Exercise prompt
Nothing in the entries may change when you repeat them, and no images may appear.

Free-text object descriptions
+---+

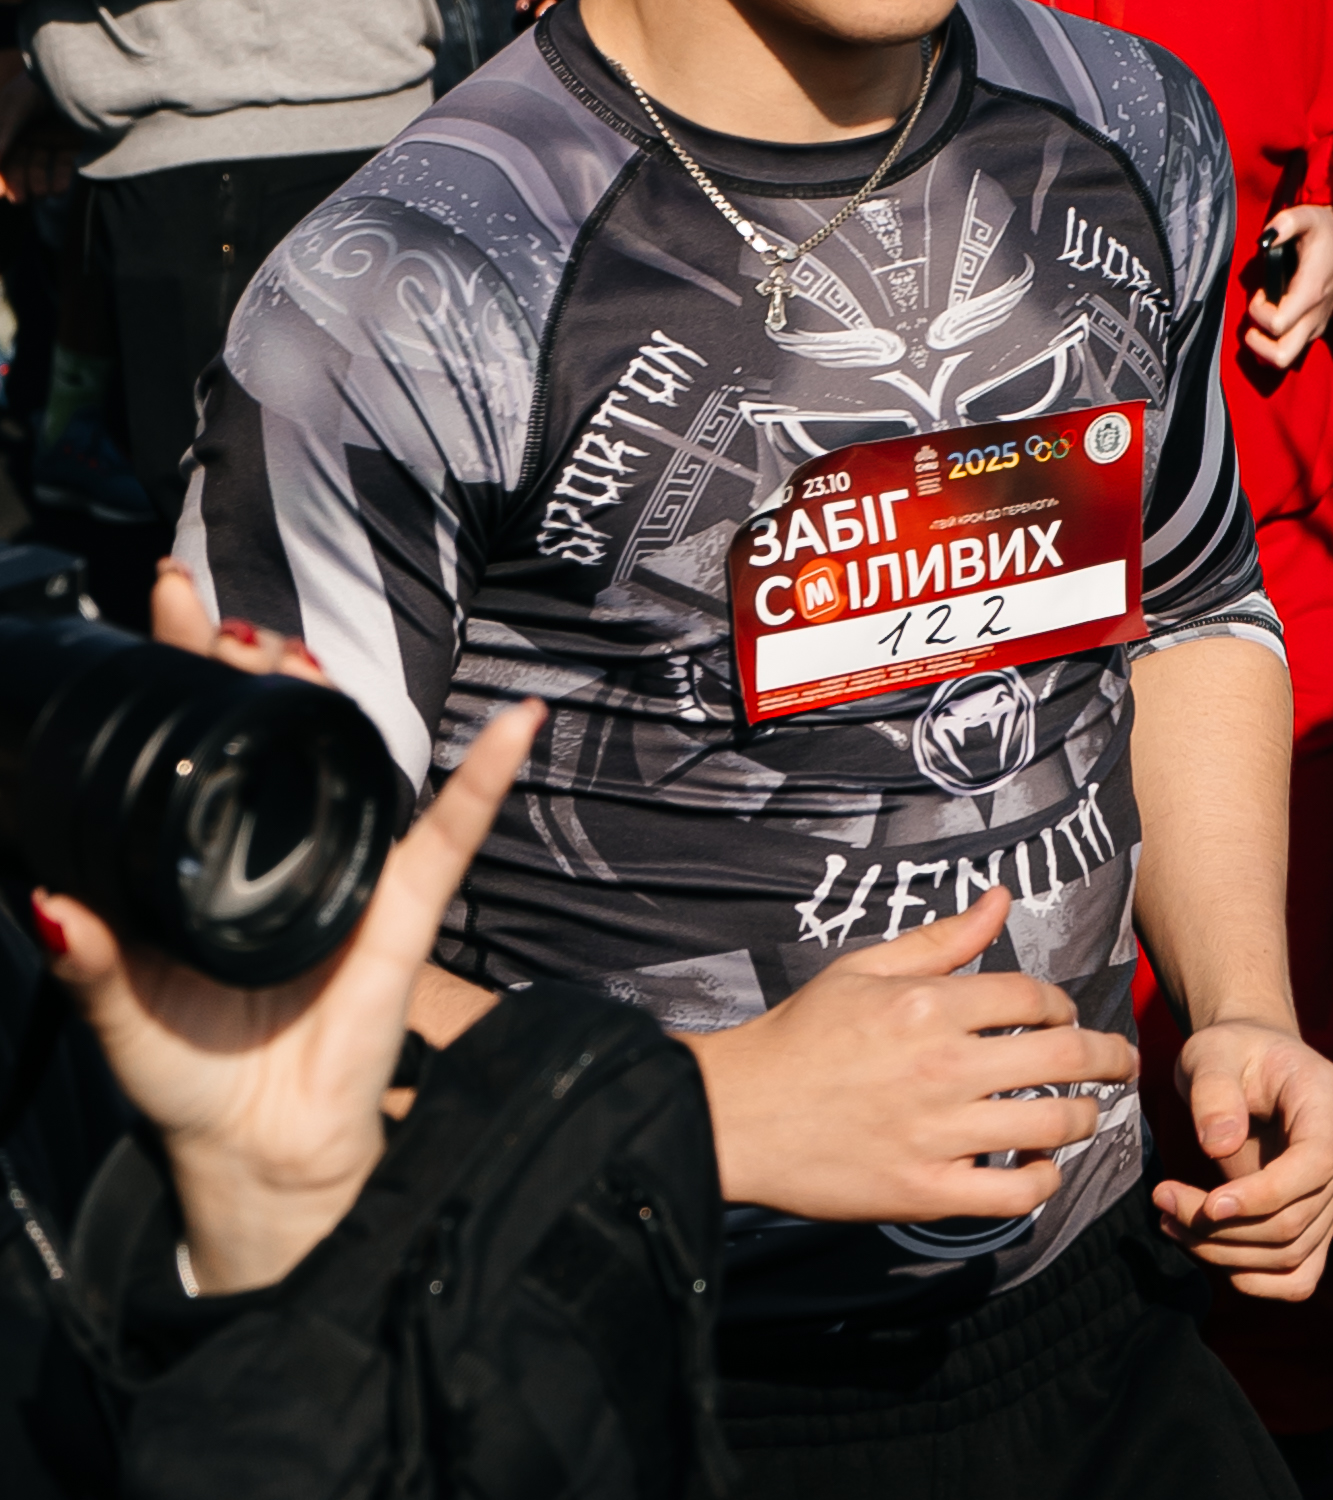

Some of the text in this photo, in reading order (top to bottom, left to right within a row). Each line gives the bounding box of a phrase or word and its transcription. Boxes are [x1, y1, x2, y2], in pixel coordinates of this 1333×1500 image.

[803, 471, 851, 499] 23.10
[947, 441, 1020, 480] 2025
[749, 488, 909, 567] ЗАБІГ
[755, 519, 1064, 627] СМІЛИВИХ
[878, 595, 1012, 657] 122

+---+

Result
Some of the text in this photo, in reading order (top to bottom, left to right within a row). Each line gives the bounding box of a phrase or word and its transcription. Boxes are [x1, y1, x2, y2], in pixel coordinates of this 1333×1500 image.

[803, 471, 851, 499] 23.10
[947, 441, 1020, 480] 2025
[749, 488, 909, 567] ЗАБІГ
[755, 519, 1064, 627] СМІЛИВИХ
[878, 595, 1012, 657] 122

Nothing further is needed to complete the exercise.